E’ sempre difficile giustificare i furti: chi si appropria delle cose altrui non può essere scusato, ci sono altri modi per riuscire a gestire le difficoltà economiche, tuttavia ci sono casi, il classico esempio dell’anziano che ruba una bistecca al supermercato, che toccano la sensibilità della gente e fanno riflettere.
Quando invece ci si trova davanti a illeciti compiuti solo per il gusto di far del male, beh, in questi casi si fatica anche solo a dare un senso.

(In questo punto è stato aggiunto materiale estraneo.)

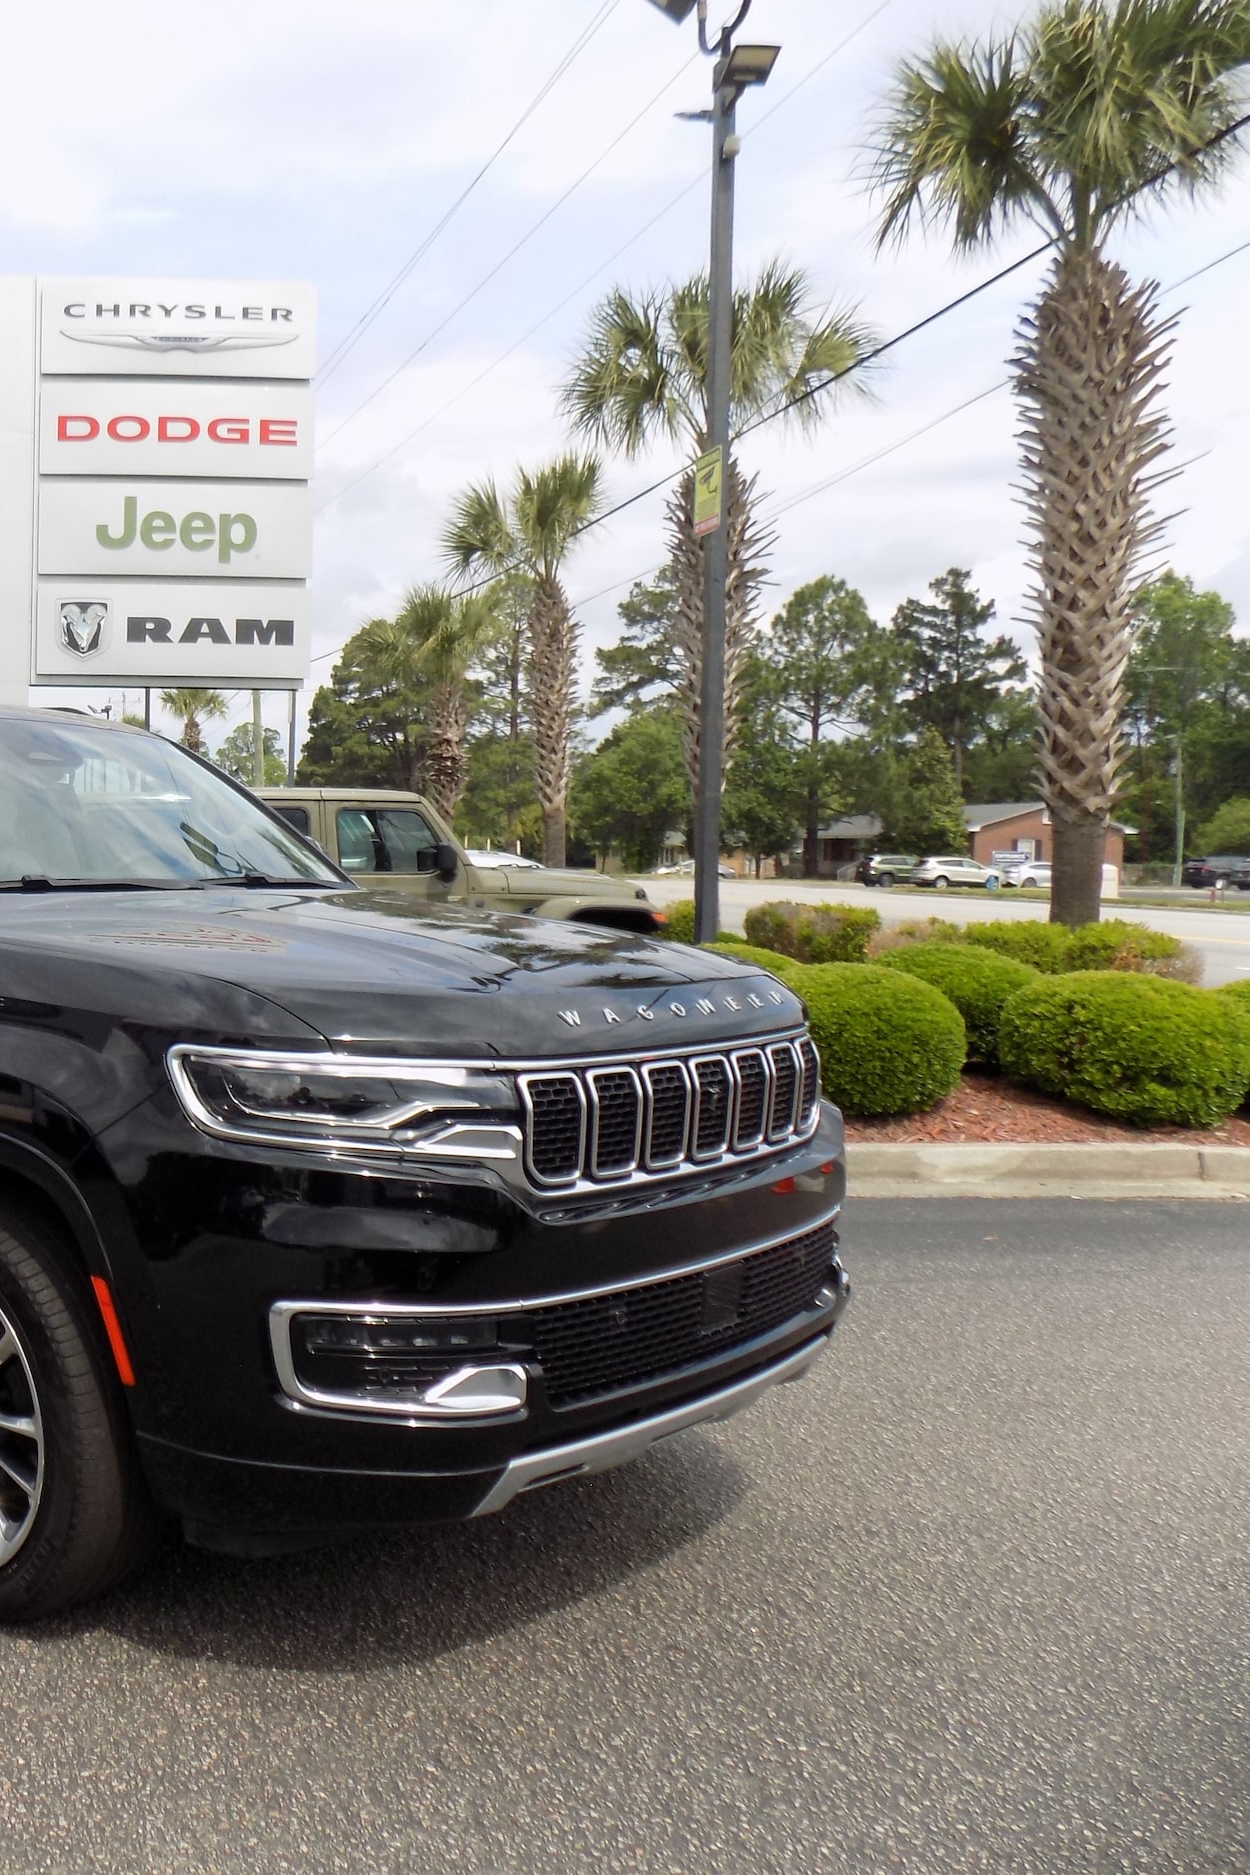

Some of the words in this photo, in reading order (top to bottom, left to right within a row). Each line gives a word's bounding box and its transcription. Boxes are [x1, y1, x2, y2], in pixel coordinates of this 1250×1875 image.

[63, 304, 293, 322] CHRYSLER
[57, 415, 298, 446] DODGE
[95, 496, 258, 563] Jeep
[126, 616, 295, 645] RAM
[557, 991, 784, 1028] WAGONEER
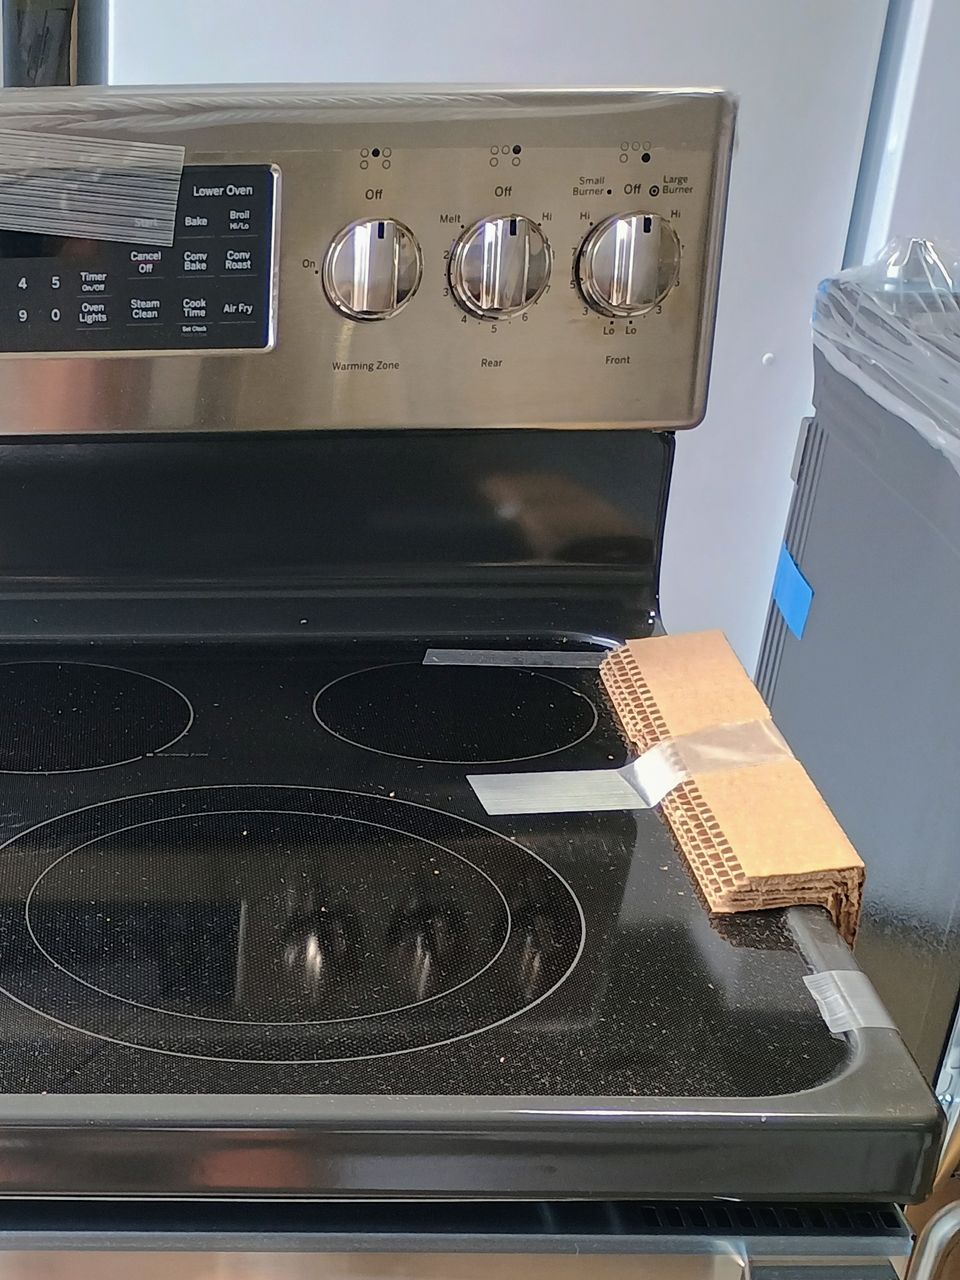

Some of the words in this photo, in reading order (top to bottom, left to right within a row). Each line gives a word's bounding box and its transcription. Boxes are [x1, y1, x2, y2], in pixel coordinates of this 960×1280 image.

[579, 176, 605, 185] Small
[663, 174, 688, 186] Large
[193, 186, 224, 197] Lower
[226, 185, 253, 196] Oven
[365, 188, 383, 200] Off
[495, 186, 513, 198] Off
[572, 186, 604, 196] Burner
[624, 183, 641, 195] Off
[662, 184, 693, 195] Burner
[230, 210, 250, 220] Broil
[440, 214, 461, 223] Melt
[542, 212, 552, 221] Hi
[580, 212, 590, 220] Hi
[671, 210, 681, 218] Hi
[185, 217, 208, 226] Bake
[230, 222, 250, 230] Hi/Lo
[130, 251, 162, 261] Cancel
[184, 252, 208, 260] Conv
[226, 250, 250, 260] Conv
[138, 264, 153, 273] Off
[184, 261, 207, 270] Bake
[226, 260, 252, 270] Roast
[302, 258, 316, 269] On
[80, 272, 107, 282] Timer
[18, 278, 27, 289] 4
[51, 276, 60, 288] 5
[82, 284, 105, 292] On/Off
[82, 303, 104, 312] Oven
[130, 299, 160, 308] Steam
[183, 298, 206, 308] Cook
[132, 309, 158, 318] Clean
[183, 308, 206, 318] Time
[224, 304, 237, 313] Air
[238, 303, 254, 316] Fry
[18, 310, 28, 321] 9
[50, 309, 60, 321] 0
[80, 313, 107, 324] Lights
[461, 314, 467, 323] 4
[491, 324, 497, 333] 5
[603, 326, 615, 335] Lo
[626, 326, 637, 334] Lo
[481, 358, 503, 368] Rear
[605, 355, 631, 365] Front
[332, 360, 374, 372] Warming
[376, 360, 400, 370] Zone

E’ quanto è successo per due volte alla scuola media Scalvini di Botticino, dove, “vandali” (definiamoli così per non utilizzare parole poco eleganti che non si addicono a un giornale) hanno superato la recinzione e hanno distrutto l’orto della scuola, che rientrava in un progetto educativo.
Sradicate le piantine (che difficilmente potranno essere ripiantate ora), calpestato e rovinato il terreno. Chi sa che soddisfazione avranno avuto immaginando l’espressione del ragazzo che ha seguito questo lavoro insieme all’insegnante di sostegno?
Una sofferenza causata senza motivo: rischiare il codice penale per cosa? Per ottenere che guadagno? L’aver fatto soffrire? Non ci sono parole.